Autoreg’d muscle-ups.  After the initial 4 reps of the second 6RM set, I just felt primed to continue into a lower-rep extended set.

Wednesday, 5/25/11

(A1) hip press (H2): 445/15; 545/8 (note: increase 25# on each)

(A2) ARX horizontal leg press: HR/3

(A3) blast strap pike: 15

2 rounds; A1 and A2 paired as a hierarchal set.

Thursday, 5/26/11

(A1) feet-elevated drop, stick, rebound push-ups: bw/7 each of 4 rounds

(A2) 45-degree incline press (leverage piece): ballistic reps; +20/7; +30/6; +35/6, 6.  Curtailed set when bar failed to leave hands.

(A3) T-bar row (underhand grip): 100/10; 145/6; 190/12; 215/8  — autoreg’d

Saturday, 5/28/11

(A1) trap bar deadlifts (low grip): 265/10, 10, 10; 355/6, 445/4, 4; 355/12, 12 — autoreg’d

In health,

Keith

2 COMMENTS

  1. Good thought provoking preface to what we hope becomes a major discourse – if not here, the on my Smart FIT (Full Integrative Training) site soon.

    Can focus be directed simply to emergent hypertrophy qua contractile v sarcoplasmic hypertrophy? Steve Hollman’s already resolved that with his latest iteration of X-Reps. Contractile operates within a difference frequency zone than sarcoplasmic for recuperation and supercompensation. So, it’s not an ‘either/or’ debate locked on the dualistic horns of a dilemma: it’s a both/and world.
    That form of training brings about pretty quick changes, pretty quick adaptation. I wouldn’t recommend staying with a formative routine for more than four weeks – in fact, I wouldn’t personally go for four weeks without changes.
    This issue with hypertrophy has always been that of avoiding plateaus and sticking points, or shortening one’s stay in the realm of being stuck. I’m convinced the major factor is that of requisite variety. Ashby’s formulation in his Introduction to Cybernetics holds that the controlling element in mechanical or biological systems is the one with the greatest number of choices (for a full treatment: http://pespmc1.vub.ac.be/REQVAR.html). Since most training is by rote, a feedforward loop of most training based on unquestioning dogmatic adherence to incomplete and/or outdated theory, requisite variety is lost. So much of the current state of human evolution is likewise stuck in recursive loops; next evolution would awaken self-reflective, questioning, imaginal focus of attention freeing us from the traps and snares we unwittingly dwell within as little more than animals caged by their own unconscious devices.
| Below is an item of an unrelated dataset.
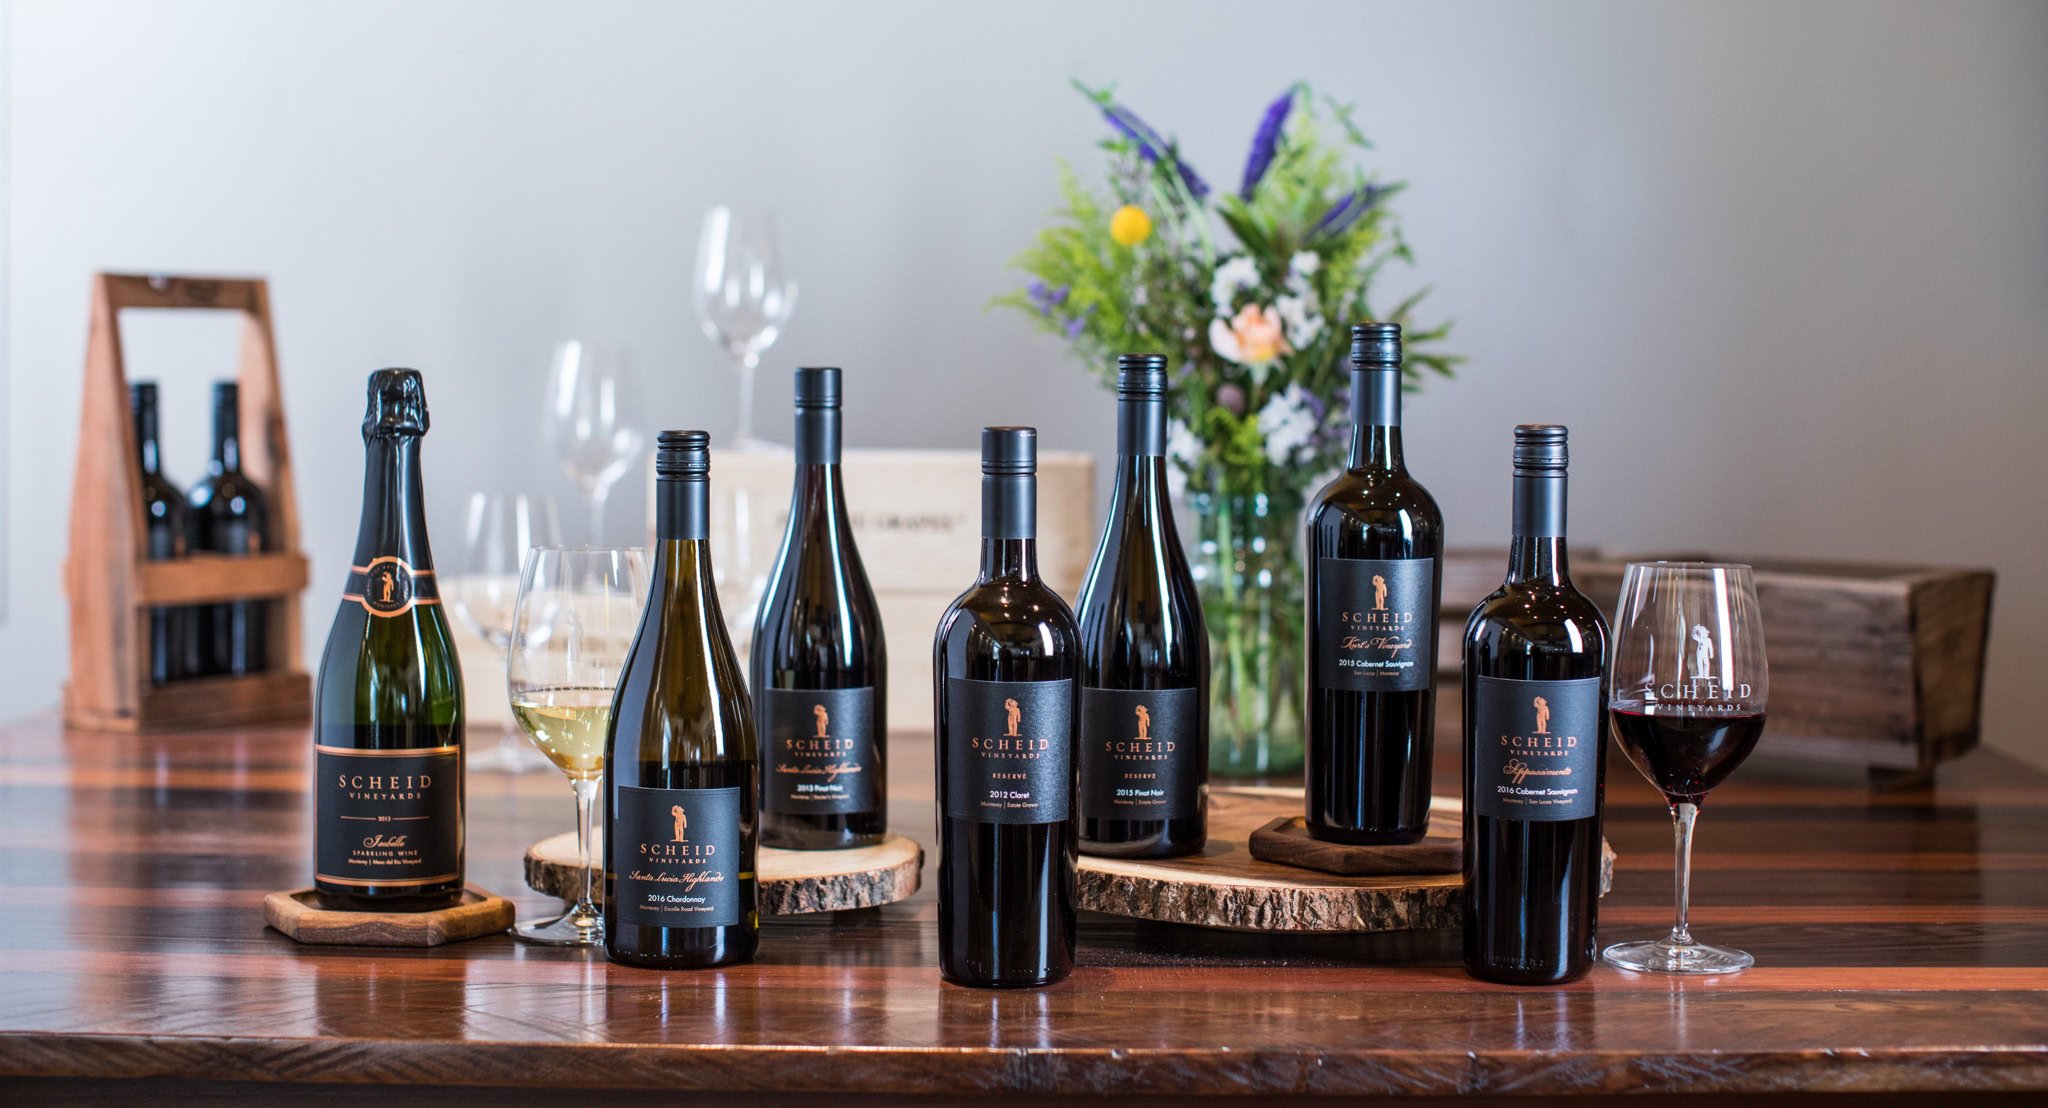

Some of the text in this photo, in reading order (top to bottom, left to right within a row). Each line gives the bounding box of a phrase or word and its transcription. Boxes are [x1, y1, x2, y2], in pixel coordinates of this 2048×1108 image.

    So, an emergent paradigm would necessarily embody a whole systems approach, a full & comprehensive ecology of Being human. Is muscular hypertrophy limited to muscles? With stimulation of kinases as part of the response elicited by training, skeletal muscle is also endocrine. Elicitation of neuropeptides and neurotransmitters make brain hypertrophy the primary beneficiary of training. Now, one can simply give up in face of the complexities – or, better still, come to realize the realm of wonder and awe diving deeply into Physical Culture will draw you into. In fact, keeping Physical Culture sequestered, even marginalized, prevents it rightfully claiming its place as a bona fide art and science of what intrinsically genomically makes us HUMAN.
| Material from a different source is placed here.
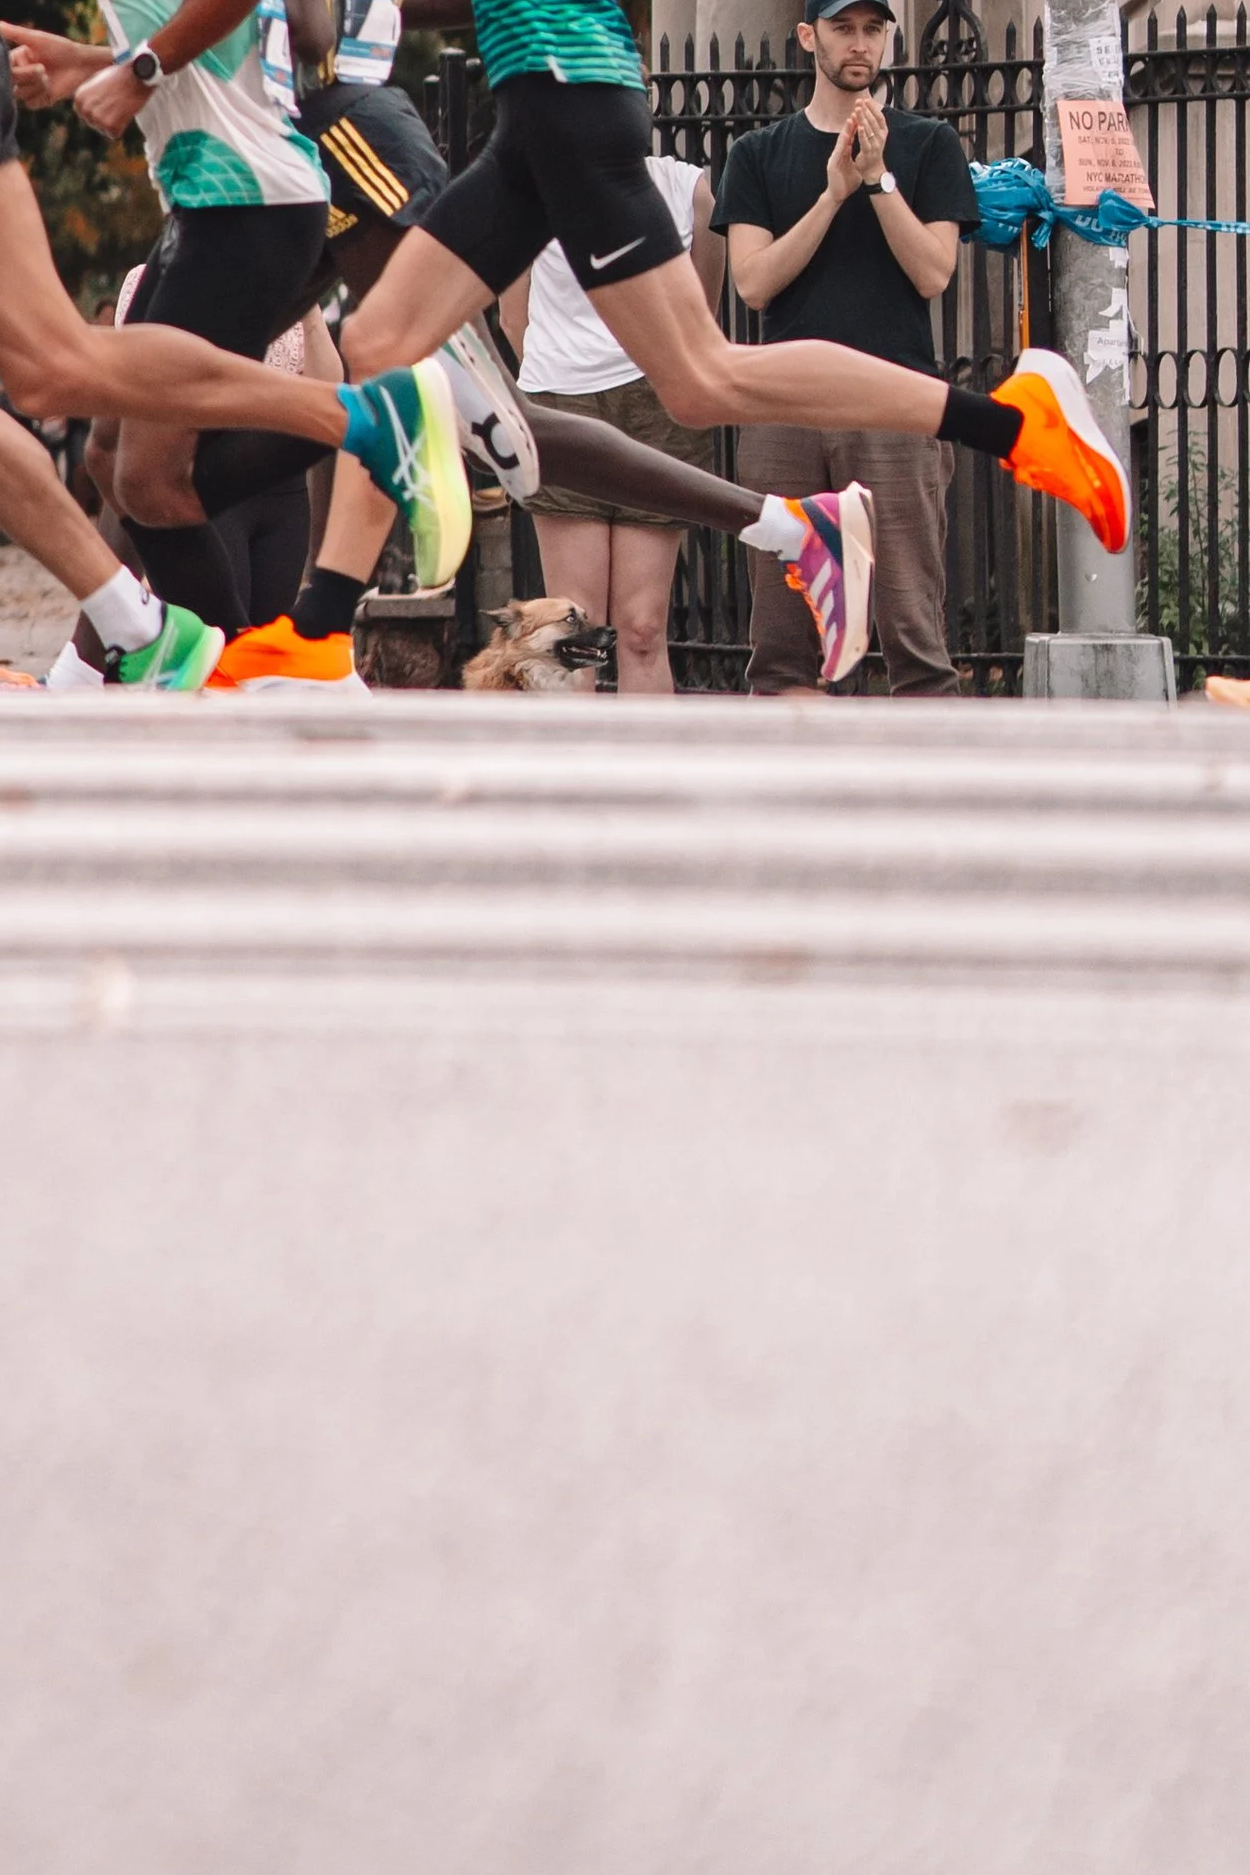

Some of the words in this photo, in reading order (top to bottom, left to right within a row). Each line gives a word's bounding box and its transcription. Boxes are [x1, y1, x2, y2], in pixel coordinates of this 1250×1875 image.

[1069, 111, 1093, 130] NO
[1115, 148, 1124, 156] TO
[1086, 171, 1103, 183] NYC
[1104, 171, 1146, 185] MARATHO
  2. What an interesting post. I have nothing to add at the moment, except a plug for the Dao De Jing (and Lao Tzu as an instructor in the art of being human). We are standing at a kind of crossroads in human development, on the verge of uniting a bunch of disparate fields (medicine, sports, science, government, education) into something bigger (and hopefully better) than any one of them.